训练好后,我们可以看到model下已经有了具体的模型文件,代表训练成功。
【python】TensorFlow框架下CNN神经网络的花卉识别系统_第2张图片

训练成功后,我们用一个小程序来测试一下我们的模型

from skimage import io,transform
import tensorflow as tf
import numpy as np


path1 = "D:/python/workspace/flower/data/flowers/dandelion/8223968_6b51555d2f_n.jpg"
path2 = "D:/python/workspace/flower/data/other/1582514704.jpg"


flower_dict = {0:'flower',1:'other'}

w=100
h=100
c=3

def read_one_image(path):
    img = io.imread(path)
    img = transform.resize(img,(w,h))
    return np.asarray(img)

with tf.Session() as sess:
    data = []
    data1 = read_one_image(path1)
    data2 = read_one_image(path2)
    data.append(data1)
    data.append(data2)
    print(data1.shape)
    saver = tf.train.import_meta_graph('D:/python/workspace/flower/model1/model.ckpt.meta')
    saver.restore(sess,tf.train.latest_checkpoint('D:/python/workspace/flower/model1/'))

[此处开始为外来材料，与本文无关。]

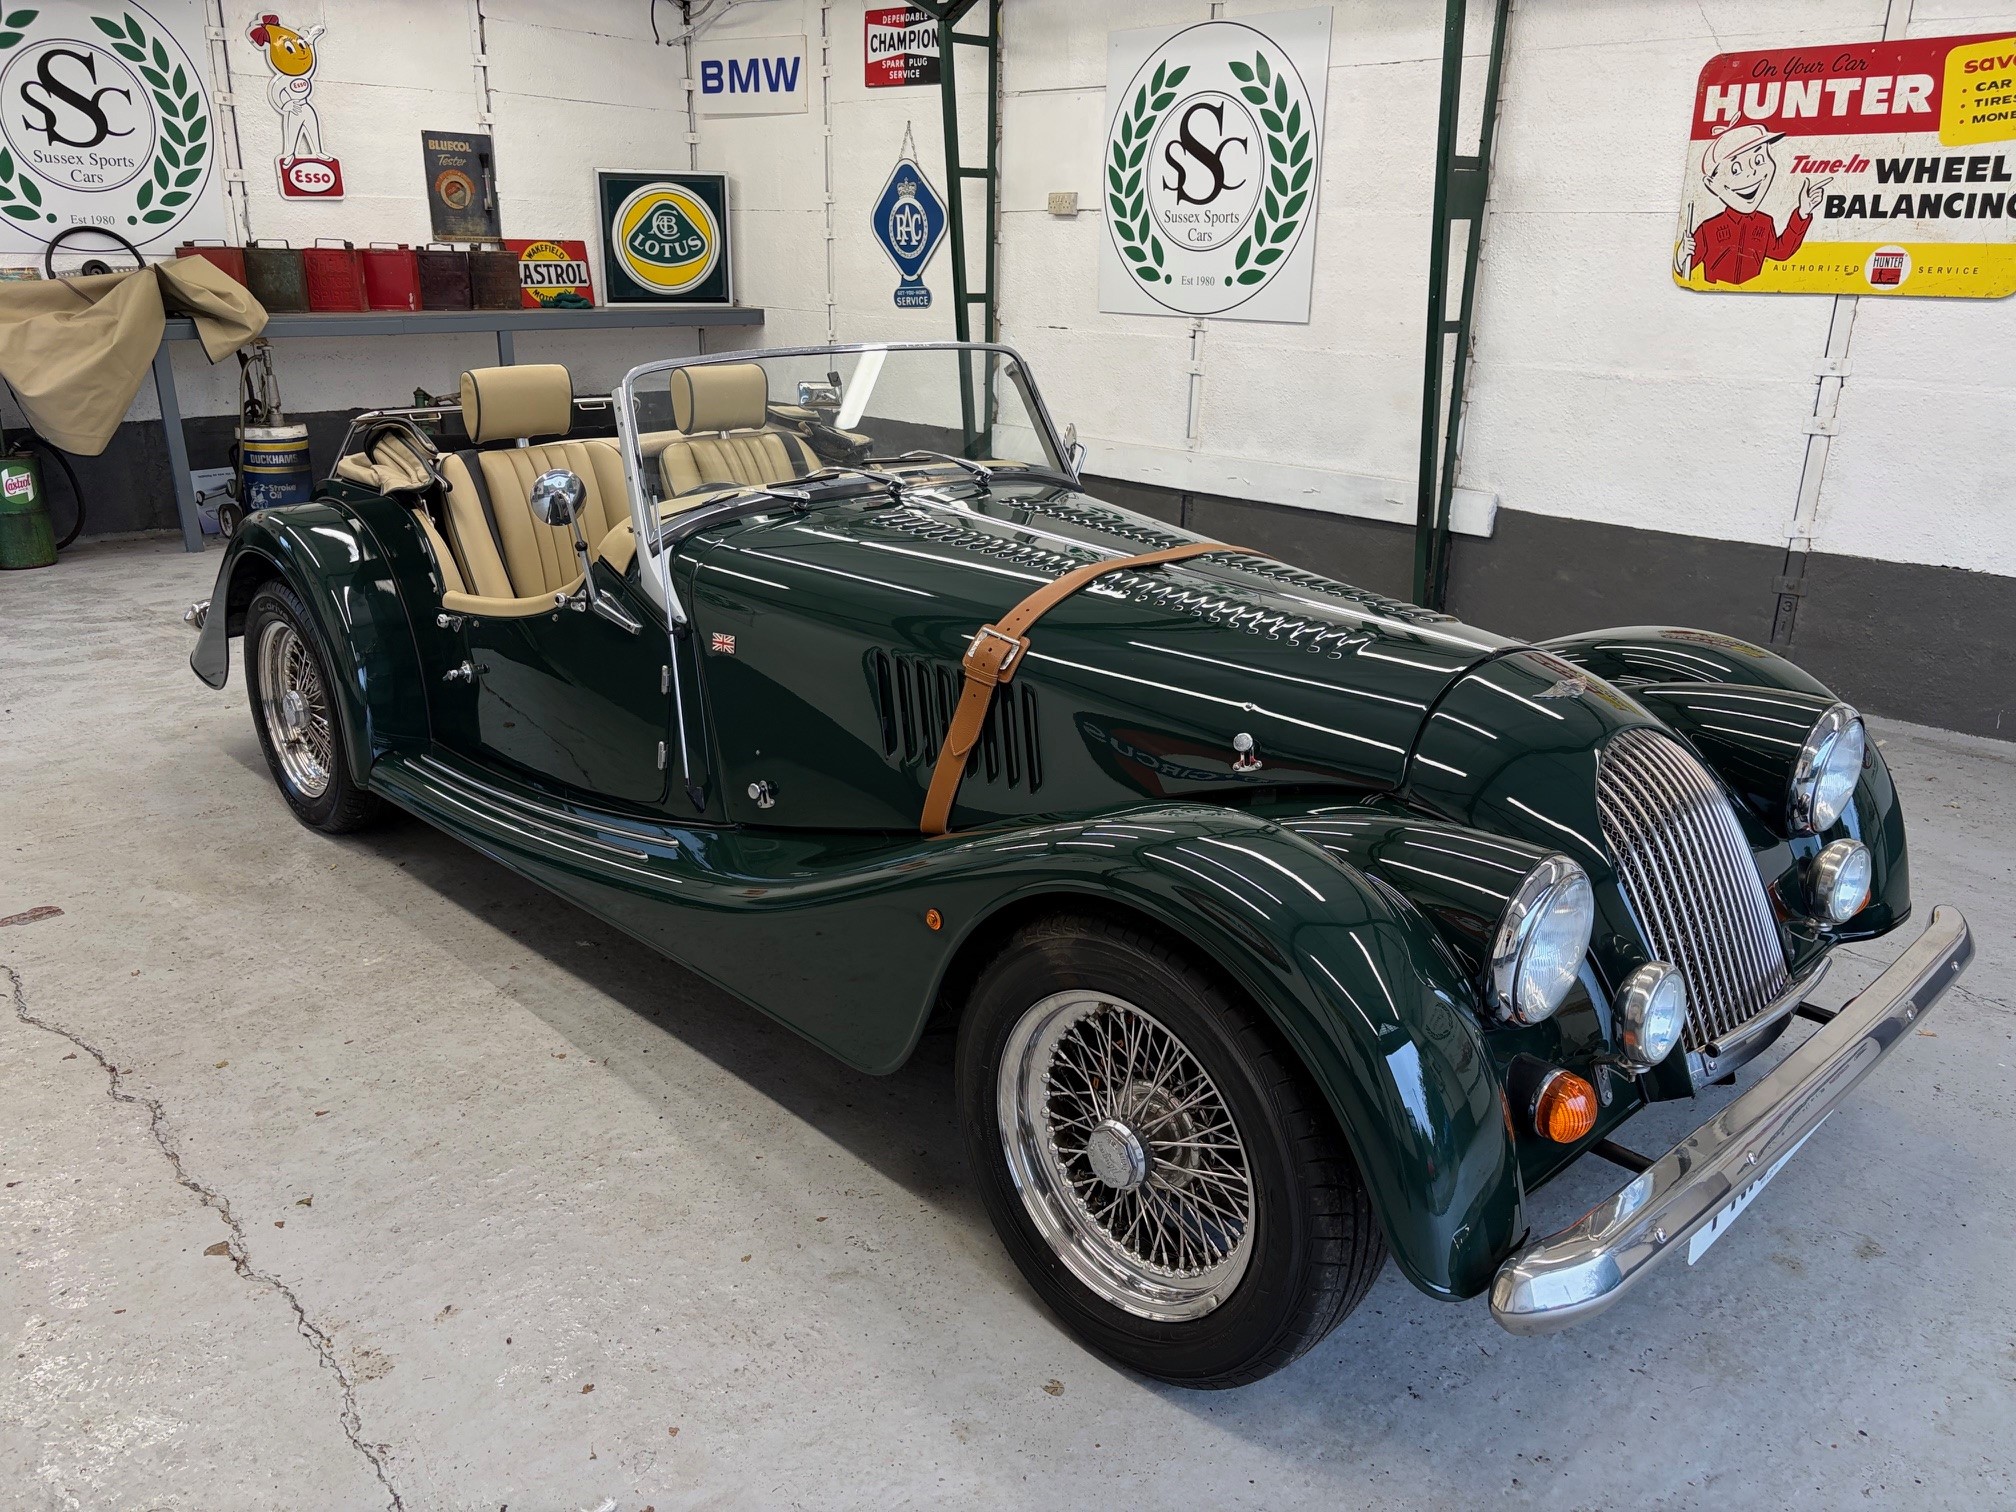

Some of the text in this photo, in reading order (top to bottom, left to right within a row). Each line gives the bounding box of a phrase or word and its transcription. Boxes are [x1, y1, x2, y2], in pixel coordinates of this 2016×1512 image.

    graph = tf.get_default_graph()
    x = graph.get_tensor_by_name("x:0")
    feed_dict = {x:data}

    logits = graph.get_tensor_by_name("logits_eval:0")

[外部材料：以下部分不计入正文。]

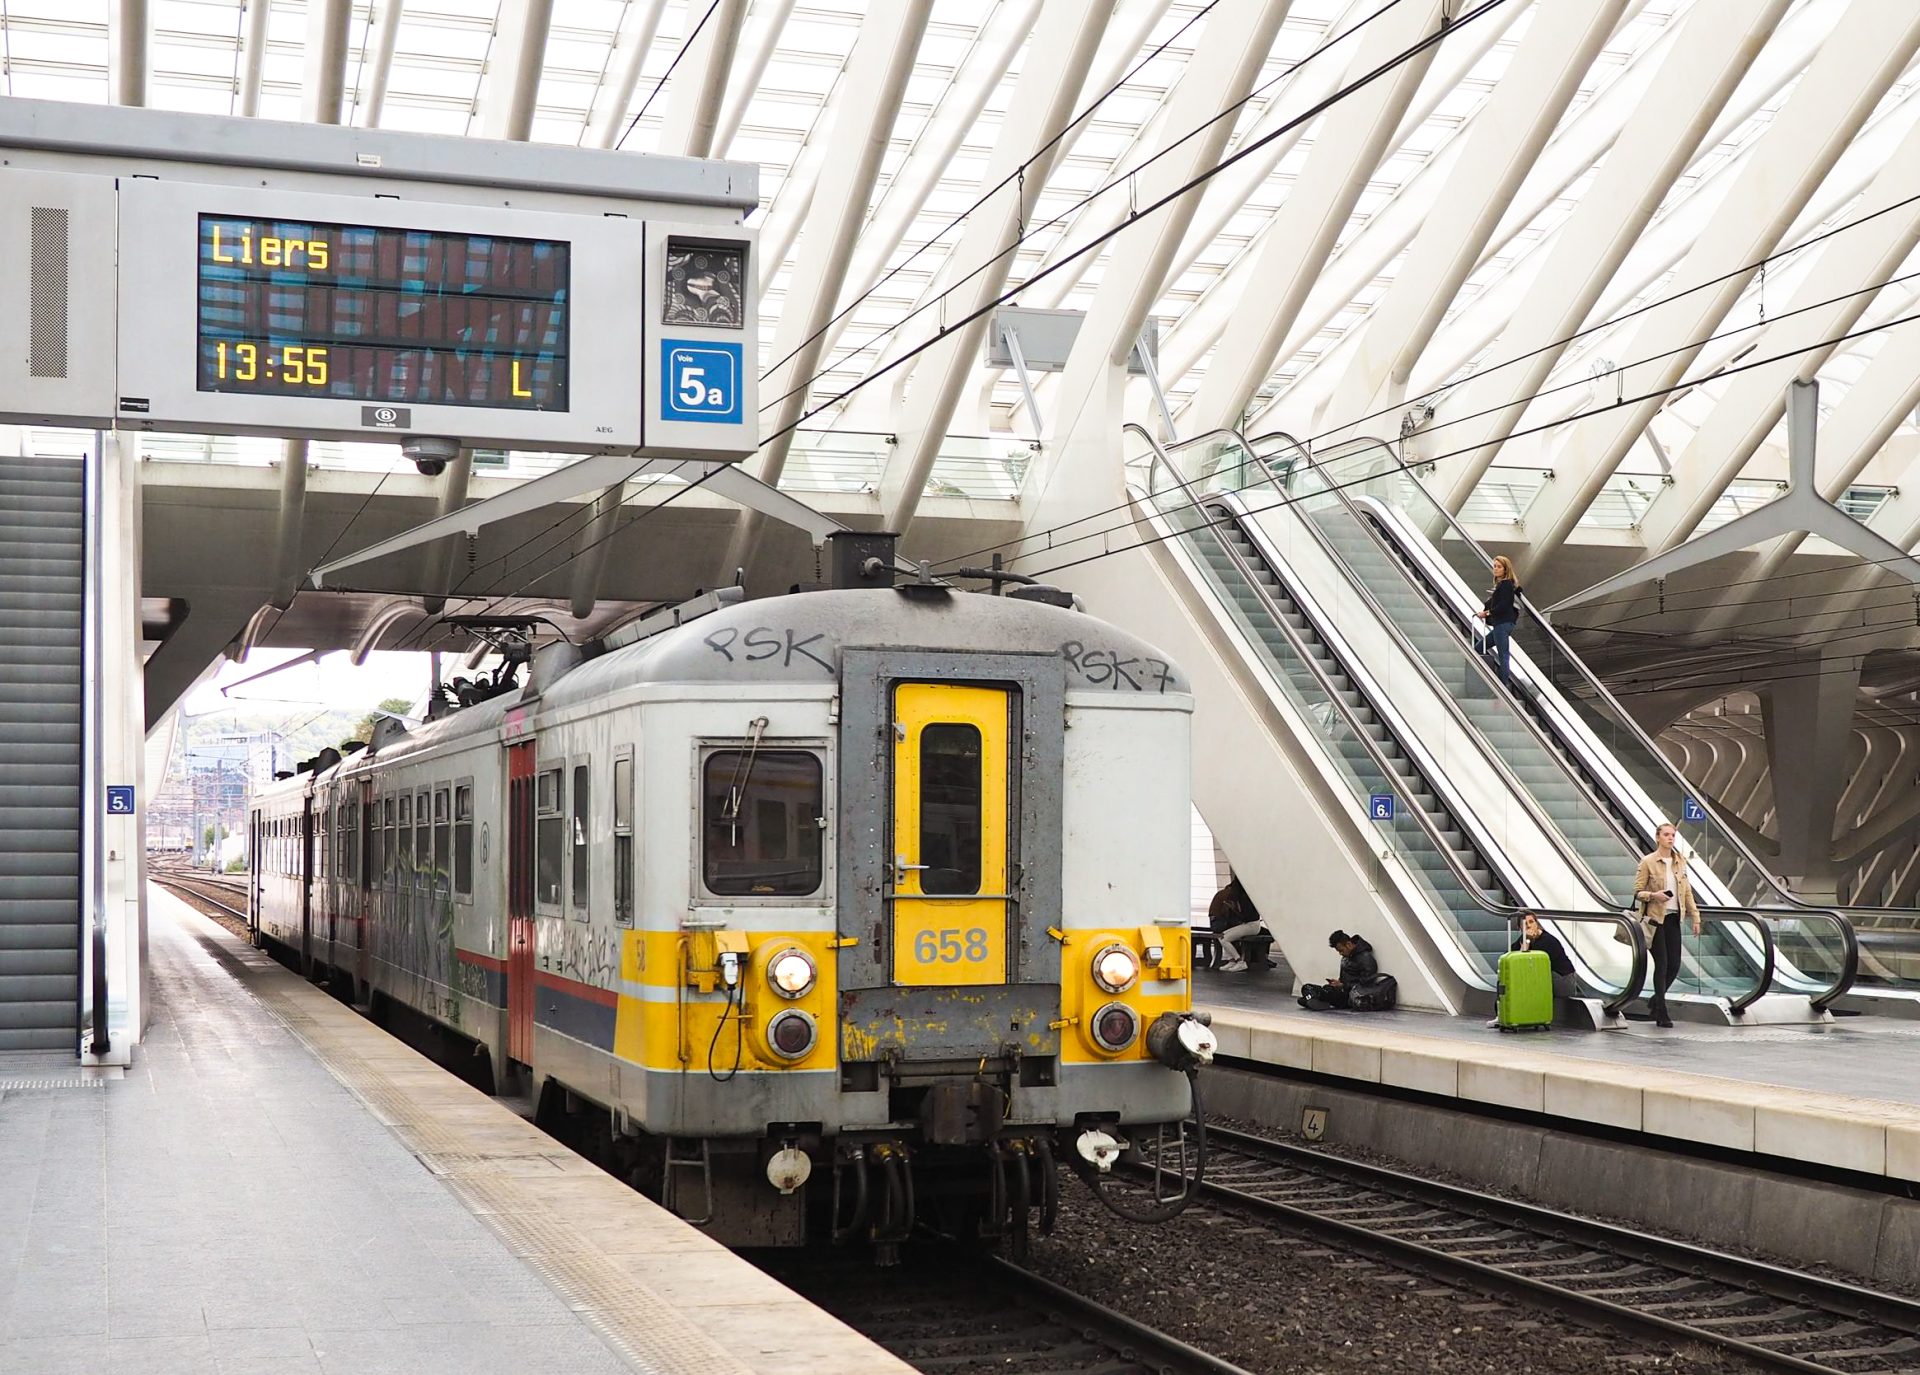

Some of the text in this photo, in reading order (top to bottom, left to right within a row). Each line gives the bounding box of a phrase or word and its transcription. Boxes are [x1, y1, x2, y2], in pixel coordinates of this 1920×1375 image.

[212, 225, 328, 269] Liers
[216, 342, 532, 397] 13:55 L
[677, 354, 694, 363] Voie
[679, 367, 724, 406] 5a
[595, 426, 613, 434] AEG
[914, 927, 988, 964] 658
[1307, 1113, 1319, 1134] 4

    classification_result = sess.run(logits,feed_dict)

    #打印出预测矩阵
    print(classification_result)
    #打印出预测矩阵每一行最大值的索引
    print(tf.argmax(classification_result,1).eval())
    #根据索引通过字典对应花的分类
    output = []
    output = tf.argmax(classification_result,1).eval()
    for i in range(len(output)):
        print("第",i+1,"朵花预测:"+flower_dict[output[i]])

结果如下:
【python】TensorFlow框架下CNN神经网络的花卉识别系统_第3张图片

可以看出我们的模型是成功的,准确识别出了对应文件夹的图片数据。

第三步,准备Web界面

把准备好的web前端页面引入到templates文件夹中,然后使用flask 搭建web服务器。
【python】TensorFlow框架下CNN神经网络的花卉识别系统_第4张图片

然后写个接口,用来上传图片以及调用之前训练好的模型对花朵数据进行识别。


def getType(path):
    w = 100
    h = 100
    c = 3
    img = io.imread(path)
    data = []
    data.append(transform.resize(img,(w,h,3)))
    with tf.Session() as sess:

        saver = tf.train.import_meta_graph('D:/python/workspace/flower/model1/model.ckpt.meta')
        saver.restore(sess, tf.train.latest_checkpoint('D:/python/workspace/flower/model1/'))

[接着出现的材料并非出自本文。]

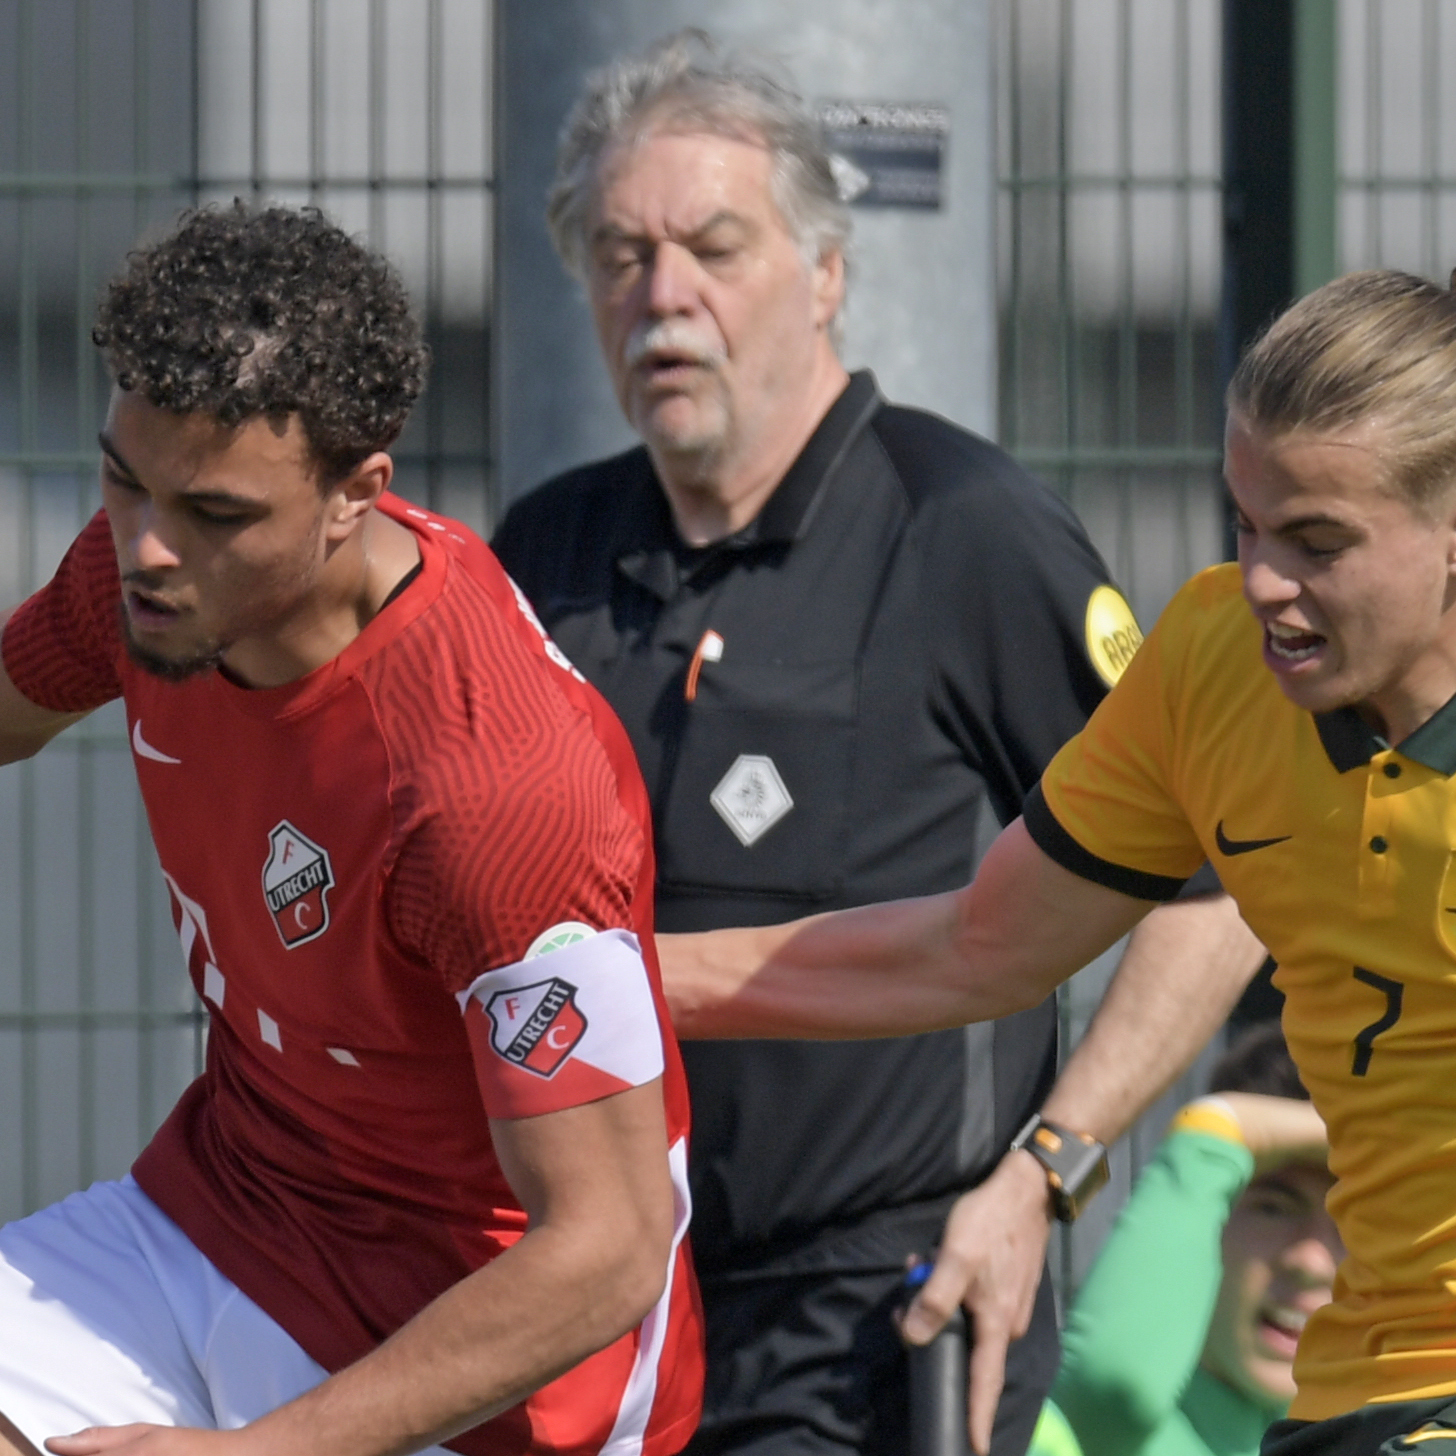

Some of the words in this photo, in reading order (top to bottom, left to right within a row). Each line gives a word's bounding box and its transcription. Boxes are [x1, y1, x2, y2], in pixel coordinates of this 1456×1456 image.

[282, 839, 295, 865] F
[267, 861, 325, 912] UTRECHT
[294, 901, 311, 931] C
[504, 997, 521, 1021] F
[506, 982, 570, 1063] UTRECHT
[1351, 965, 1404, 1077] 7
[547, 1025, 570, 1050] C

        graph = tf.get_default_graph()
        x = graph.get_tensor_by_name("x:0")
        feed_dict = {x: data}

        logits = graph.get_tensor_by_name("logits_eval:0")

        classification_result = sess.run(logits, feed_dict)
        # 打印出预测矩阵每一行最大值的索引
        print(classification_result)

        output = tf.argmax(classification_result, 1).eval()
        if (output[0] == 1):
            return "不是花"
    tf.reset_default_graph()

    with tf.Session() as sess1:
        saver1 = tf.train.import_meta_graph('D:/python/workspace/flower/model/model.ckpt.meta')
        saver1.restore(sess1, tf.train.latest_checkpoint('D:/python/workspace/flower/model/'))
        graph = tf.get_default_graph()
        x = graph.get_tensor_by_name("x:0")
        feed_dict = {x: data}

        logits = graph.get_tensor_by_name("logits_eval:0")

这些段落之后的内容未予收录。